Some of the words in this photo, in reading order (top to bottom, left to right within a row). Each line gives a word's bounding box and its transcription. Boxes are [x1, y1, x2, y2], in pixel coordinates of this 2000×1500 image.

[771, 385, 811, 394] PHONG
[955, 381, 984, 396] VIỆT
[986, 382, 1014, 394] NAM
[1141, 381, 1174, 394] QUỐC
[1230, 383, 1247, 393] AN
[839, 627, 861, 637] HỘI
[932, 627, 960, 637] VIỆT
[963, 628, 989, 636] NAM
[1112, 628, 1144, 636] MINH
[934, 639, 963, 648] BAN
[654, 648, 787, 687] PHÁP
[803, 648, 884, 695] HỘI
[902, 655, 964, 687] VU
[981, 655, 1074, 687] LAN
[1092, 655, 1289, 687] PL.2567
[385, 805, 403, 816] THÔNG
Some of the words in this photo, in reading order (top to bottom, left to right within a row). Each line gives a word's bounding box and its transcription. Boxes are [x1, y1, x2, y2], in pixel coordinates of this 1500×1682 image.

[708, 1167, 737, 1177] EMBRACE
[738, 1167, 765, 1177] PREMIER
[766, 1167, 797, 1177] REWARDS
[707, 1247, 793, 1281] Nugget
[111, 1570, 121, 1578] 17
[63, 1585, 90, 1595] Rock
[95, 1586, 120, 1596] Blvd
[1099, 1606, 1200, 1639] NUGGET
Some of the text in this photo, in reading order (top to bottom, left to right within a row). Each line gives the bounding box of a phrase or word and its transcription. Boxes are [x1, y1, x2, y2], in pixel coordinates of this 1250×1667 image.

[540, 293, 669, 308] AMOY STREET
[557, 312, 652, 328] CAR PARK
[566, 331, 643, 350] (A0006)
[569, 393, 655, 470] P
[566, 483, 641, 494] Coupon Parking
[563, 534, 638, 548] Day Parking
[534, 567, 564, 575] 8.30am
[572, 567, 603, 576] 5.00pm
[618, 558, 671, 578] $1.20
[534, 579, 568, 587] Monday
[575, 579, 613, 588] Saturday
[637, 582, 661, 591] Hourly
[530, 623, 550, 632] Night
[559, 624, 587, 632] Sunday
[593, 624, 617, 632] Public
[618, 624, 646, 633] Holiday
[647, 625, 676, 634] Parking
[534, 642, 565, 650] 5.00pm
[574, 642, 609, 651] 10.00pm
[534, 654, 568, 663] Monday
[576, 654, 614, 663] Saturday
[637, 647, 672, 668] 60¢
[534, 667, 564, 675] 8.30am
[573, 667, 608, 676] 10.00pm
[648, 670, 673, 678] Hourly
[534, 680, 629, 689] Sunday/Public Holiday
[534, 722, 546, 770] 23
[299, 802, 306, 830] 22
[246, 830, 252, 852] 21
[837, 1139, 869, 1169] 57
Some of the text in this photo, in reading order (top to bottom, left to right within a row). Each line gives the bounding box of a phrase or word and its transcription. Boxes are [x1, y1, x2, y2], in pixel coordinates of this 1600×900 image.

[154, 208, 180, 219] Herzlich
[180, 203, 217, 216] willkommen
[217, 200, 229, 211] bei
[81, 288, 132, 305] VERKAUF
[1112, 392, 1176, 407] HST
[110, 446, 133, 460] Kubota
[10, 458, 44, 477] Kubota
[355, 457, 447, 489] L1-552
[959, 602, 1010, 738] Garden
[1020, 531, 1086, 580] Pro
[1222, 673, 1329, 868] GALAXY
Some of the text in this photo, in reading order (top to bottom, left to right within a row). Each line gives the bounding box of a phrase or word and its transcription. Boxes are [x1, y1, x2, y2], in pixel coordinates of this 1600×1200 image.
■ ■ ■ ■ ■
Your task is to output all of the data above word for word.

Some of the words in this photo, in reading order (top to bottom, left to right within a row). Each line gives a word's bounding box and its transcription. Boxes are [x1, y1, x2, y2], in pixel coordinates of this 2000×1500 image.

[771, 385, 811, 394] PHONG
[955, 381, 984, 396] VIỆT
[986, 382, 1014, 394] NAM
[1141, 381, 1174, 394] QUỐC
[1230, 383, 1247, 393] AN
[839, 627, 861, 637] HỘI
[932, 627, 960, 637] VIỆT
[963, 628, 989, 636] NAM
[1112, 628, 1144, 636] MINH
[934, 639, 963, 648] BAN
[654, 648, 787, 687] PHÁP
[803, 648, 884, 695] HỘI
[902, 655, 964, 687] VU
[981, 655, 1074, 687] LAN
[1092, 655, 1289, 687] PL.2567
[385, 805, 403, 816] THÔNG
Some of the words in this photo, in reading order (top to bottom, left to right within a row). Each line gives a word's bounding box and its transcription. Boxes are [x1, y1, x2, y2], in pixel coordinates of this 1500×1682 image.

[708, 1167, 737, 1177] EMBRACE
[738, 1167, 765, 1177] PREMIER
[766, 1167, 797, 1177] REWARDS
[707, 1247, 793, 1281] Nugget
[111, 1570, 121, 1578] 17
[63, 1585, 90, 1595] Rock
[95, 1586, 120, 1596] Blvd
[1099, 1606, 1200, 1639] NUGGET
Some of the text in this photo, in reading order (top to bottom, left to right within a row). Each line gives the bounding box of a phrase or word and its transcription. Boxes are [x1, y1, x2, y2], in pixel coordinates of this 1250×1667 image.

[540, 293, 669, 308] AMOY STREET
[557, 312, 652, 328] CAR PARK
[566, 331, 643, 350] (A0006)
[569, 393, 655, 470] P
[566, 483, 641, 494] Coupon Parking
[563, 534, 638, 548] Day Parking
[534, 567, 564, 575] 8.30am
[572, 567, 603, 576] 5.00pm
[618, 558, 671, 578] $1.20
[534, 579, 568, 587] Monday
[575, 579, 613, 588] Saturday
[637, 582, 661, 591] Hourly
[530, 623, 550, 632] Night
[559, 624, 587, 632] Sunday
[593, 624, 617, 632] Public
[618, 624, 646, 633] Holiday
[647, 625, 676, 634] Parking
[534, 642, 565, 650] 5.00pm
[574, 642, 609, 651] 10.00pm
[534, 654, 568, 663] Monday
[576, 654, 614, 663] Saturday
[637, 647, 672, 668] 60¢
[534, 667, 564, 675] 8.30am
[573, 667, 608, 676] 10.00pm
[648, 670, 673, 678] Hourly
[534, 680, 629, 689] Sunday/Public Holiday
[534, 722, 546, 770] 23
[299, 802, 306, 830] 22
[246, 830, 252, 852] 21
[837, 1139, 869, 1169] 57
Some of the text in this photo, in reading order (top to bottom, left to right within a row). Each line gives the bounding box of a phrase or word and its transcription. Boxes are [x1, y1, x2, y2], in pixel coordinates of this 1600×900 image.

[154, 208, 180, 219] Herzlich
[180, 203, 217, 216] willkommen
[217, 200, 229, 211] bei
[81, 288, 132, 305] VERKAUF
[1112, 392, 1176, 407] HST
[110, 446, 133, 460] Kubota
[10, 458, 44, 477] Kubota
[355, 457, 447, 489] L1-552
[959, 602, 1010, 738] Garden
[1020, 531, 1086, 580] Pro
[1222, 673, 1329, 868] GALAXY
Some of the text in this photo, in reading order (top to bottom, left to right within a row). Each line gives the bounding box of a phrase or word and its transcription. Boxes are [x1, y1, x2, y2], in pixel coordinates of this 1600×1200 image.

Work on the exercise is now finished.